CIV : 525 millions $ du MCC pour Abidjan ? Le Congrès américain décide

Par Gary SLM
Publié le 07 juillet 2017 à 12:20 | mis à jour le 07 juillet 2017 à 12:20

Le MCC entend investir environ 525 millions $ dans l'éducation et le transport en Côte d'Ivoire. Pour ce faire, un accord préalable du Congrès américain est nécessaire afin de procéder au décaissement.

Abidjan à l'écoute du Congrès américain pour un financement du MCC

Le Millennium Challenge Corporation (MCC) entend voler au secours d'Abidjan dans le cadre d'une proposition de budget du programme Compact. Car, cette institution envisage casser sa tirelire pour financer, à hauteur de 525 millions $ (environ 300 milliards de FCFA), les domaines de l'éducation et le transport en Côte d'Ivoire. Ainsi que l'explique le communiqué y afférent : « Deux domaines dans lesquels les investissements du MCC peuvent permettre de stimuler la croissance et le progrès économique, créant de nouvelles opportunités pour le peuple ivoirien. » Mais pour que ce financement soit effectif, le Congrès américain devra l'approuver préalablement.

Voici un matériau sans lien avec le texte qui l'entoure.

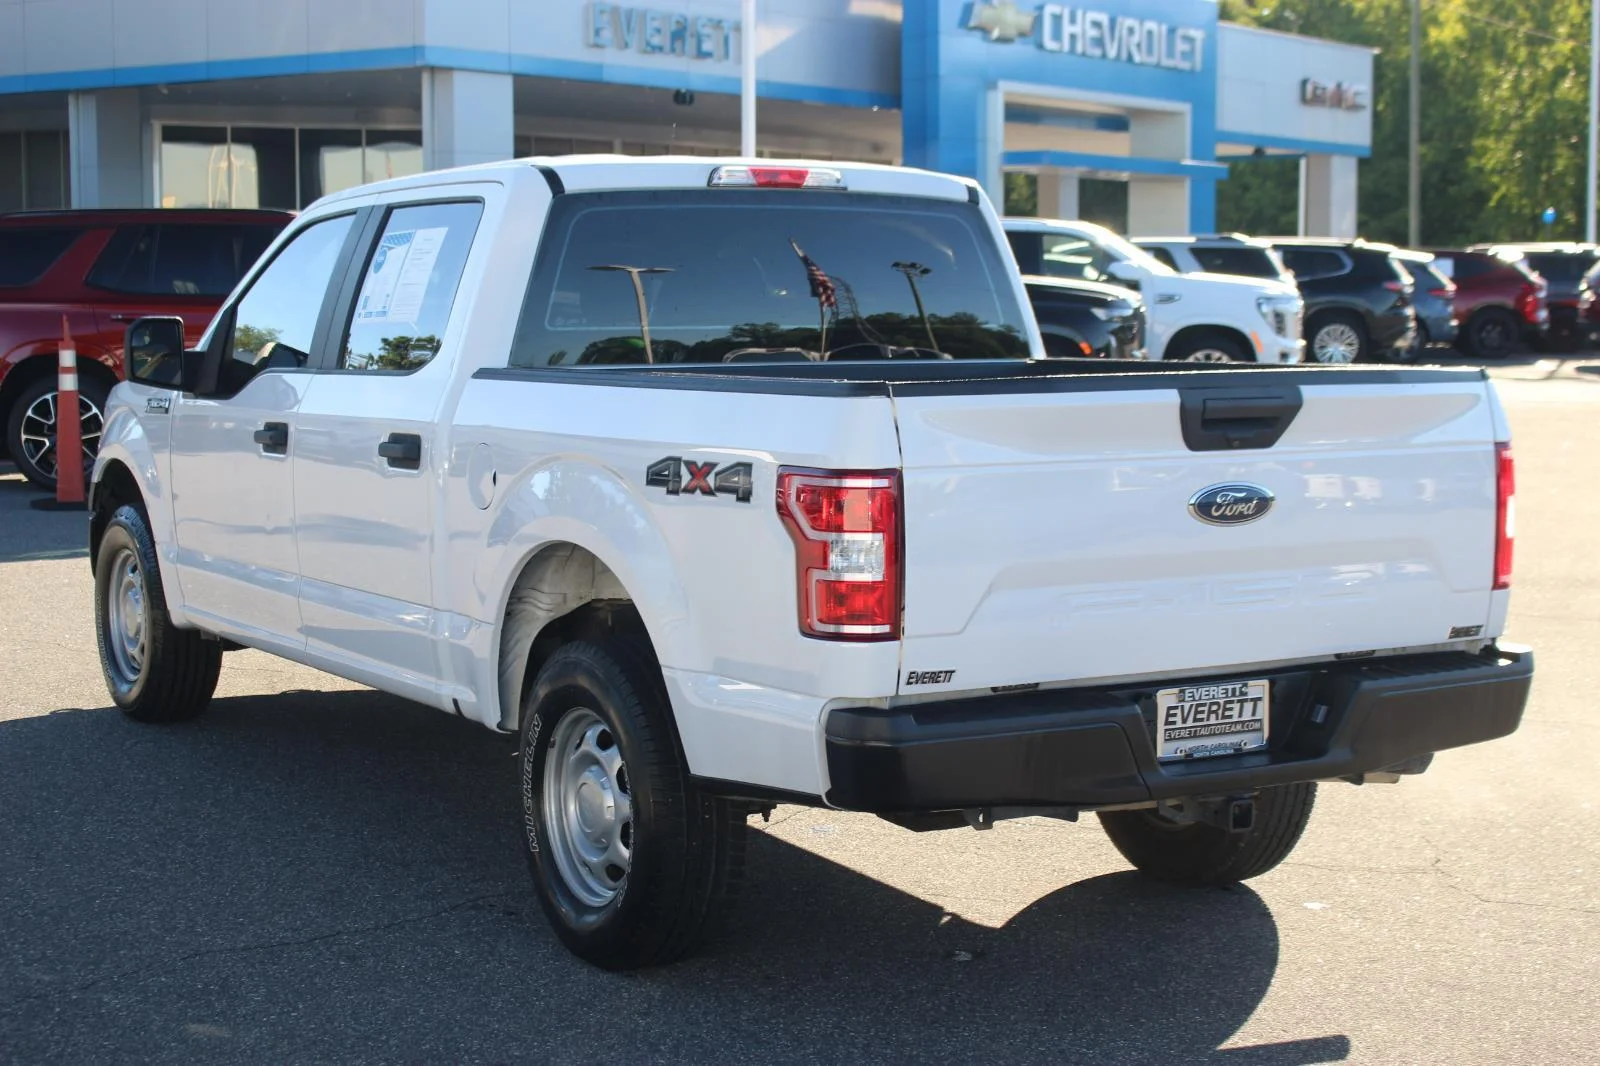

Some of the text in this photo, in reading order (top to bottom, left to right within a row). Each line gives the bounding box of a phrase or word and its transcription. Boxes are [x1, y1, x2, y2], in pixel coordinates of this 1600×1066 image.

[1041, 3, 1206, 72] CHEVROLET
[1211, 491, 1259, 517] Ford
[905, 669, 956, 686] EVERETT
[1184, 684, 1243, 702] EVERETT
[1164, 697, 1263, 726] EVERETT
[1165, 721, 1261, 740] EVERETTAUTOTEAM.COM
[521, 713, 544, 853] MICHELIN

Aussi, une rencontre capitale est-elle prévue entre le MCC et le gouvernement pour en négocier les modalités techniques et légales. Étape nécessaire pour le MCC avant « de soumettre une proposition adoptée du programme Compact à son Conseil d’administration en septembre. » Et c'est ce Conseil d'administration qui approuvera, in fine, le décaissement de ces fonds après les étapes susmentionnées.

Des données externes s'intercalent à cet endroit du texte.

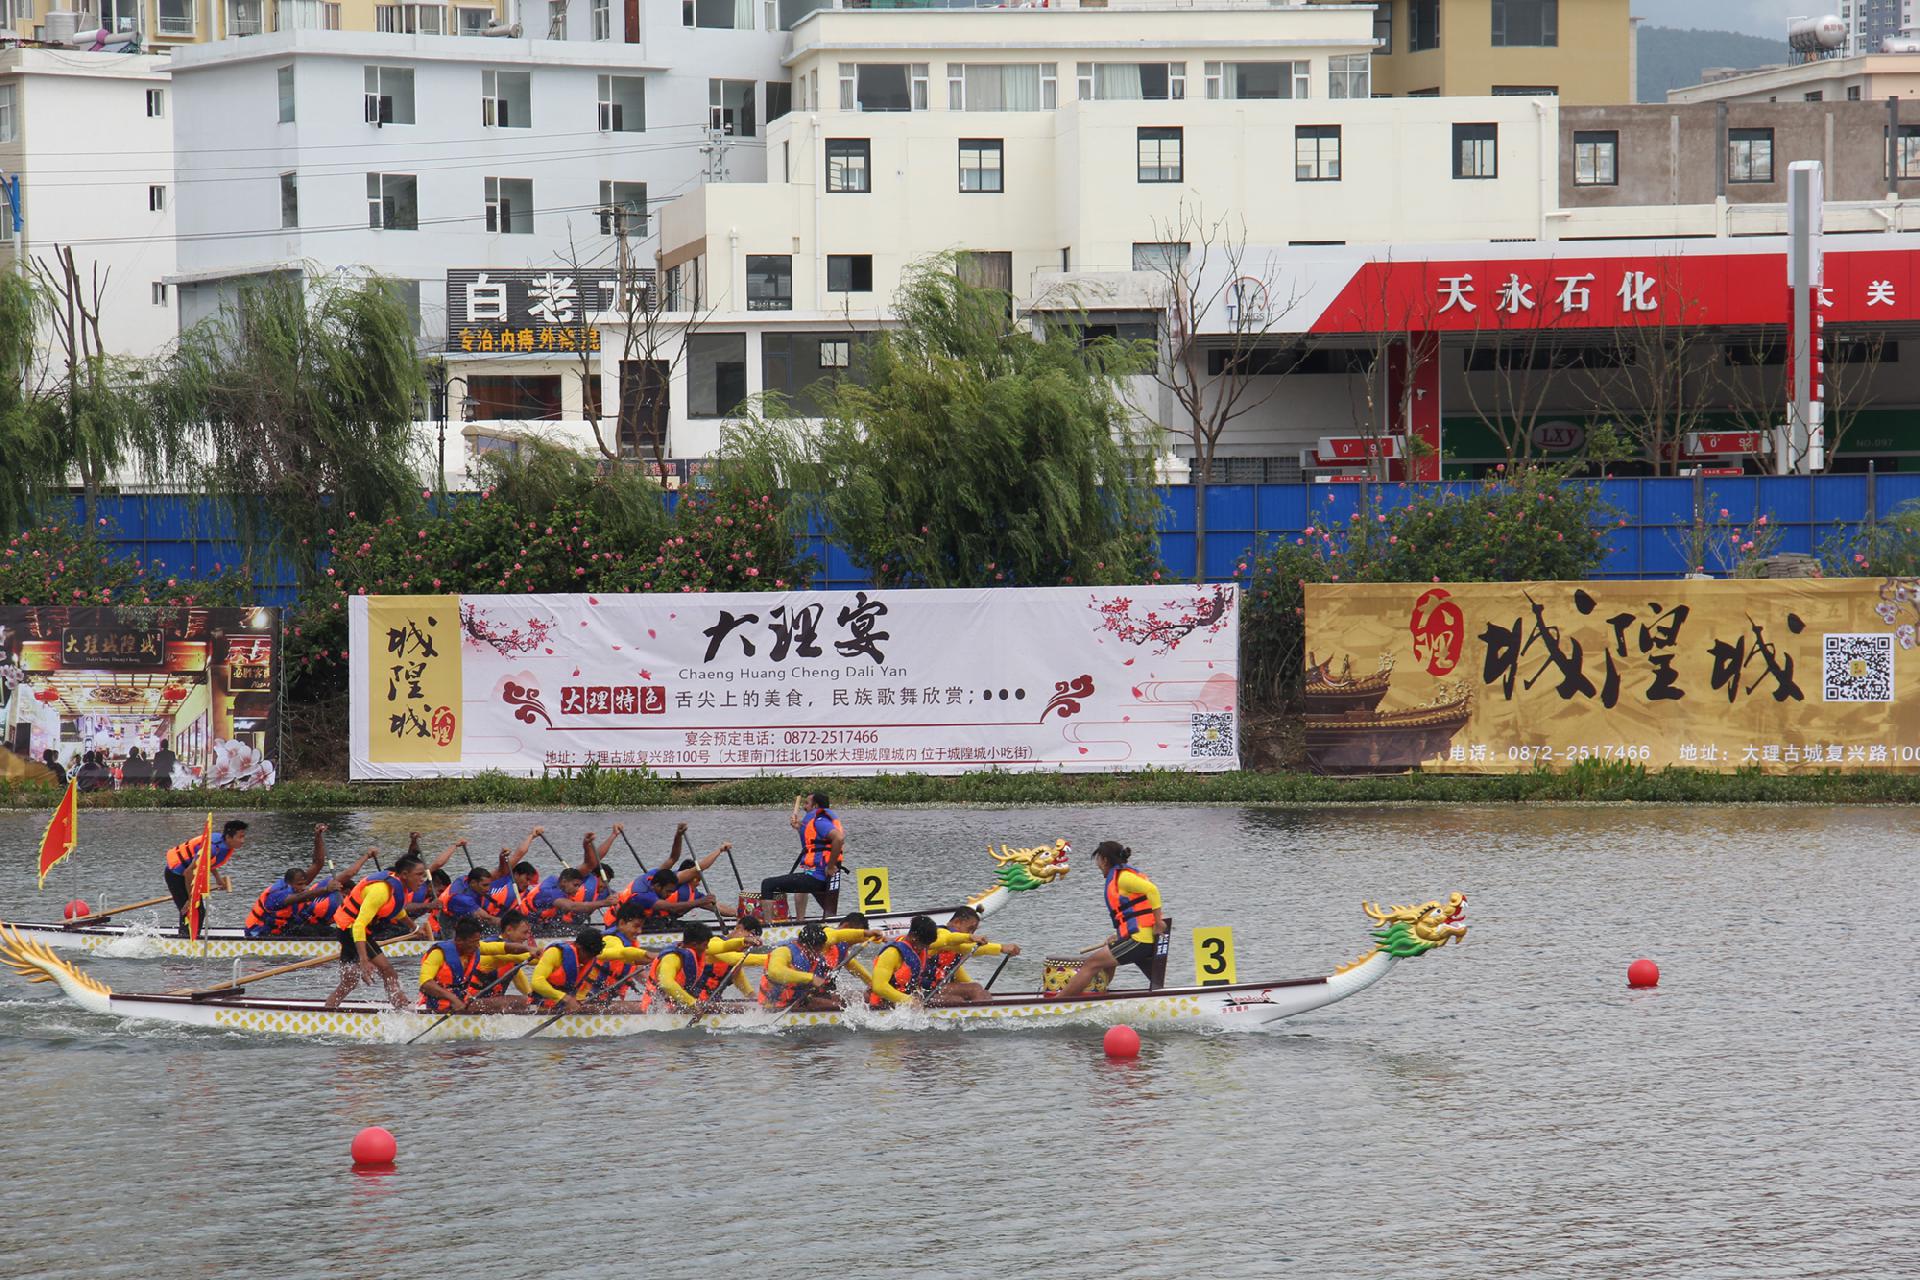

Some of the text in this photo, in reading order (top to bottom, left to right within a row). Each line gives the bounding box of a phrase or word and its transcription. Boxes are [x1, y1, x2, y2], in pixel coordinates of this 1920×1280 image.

[1437, 271, 1658, 314] 天永石化
[702, 591, 889, 664] 大理宴
[1477, 588, 1805, 709] 城隍城
[386, 615, 438, 739] 城隍城
[678, 665, 907, 682] Chaeng Huang Cheng Dali Yan
[561, 686, 665, 714] 大理特色
[863, 875, 884, 906] 2
[1201, 937, 1227, 975] 3

Notons que le MCC est une agence indépendante du gouvernement américain. Elle a pour vocation de « réduire la pauvreté dans le monde à travers la croissance économique ». Mais pour bénéficier de cette subvention quinquennale, le pays doit se conformer à 13 des 20 indicateurs du tableau de notation du MCC.


La Côte d'Ivoire est donc sur une bonne dynamique économique, avec son taux de croissance qui avoisine les deux chiffres. Le succès de la récente émission d'Eurobond par le PM Amadou Gon Coulibaly atteste de la crédibilité internationale du pays. Toutefois, les Ivoiriens espèrent que ces financements permettront de générer davantage d'emplois. D'autant plus que la santé macroéconomique peine à influer sur le domaine microéconomique, qui est en peine. La fronde sociale et la grogne des corps constitués deviennent également de plus en plus assourdissantes.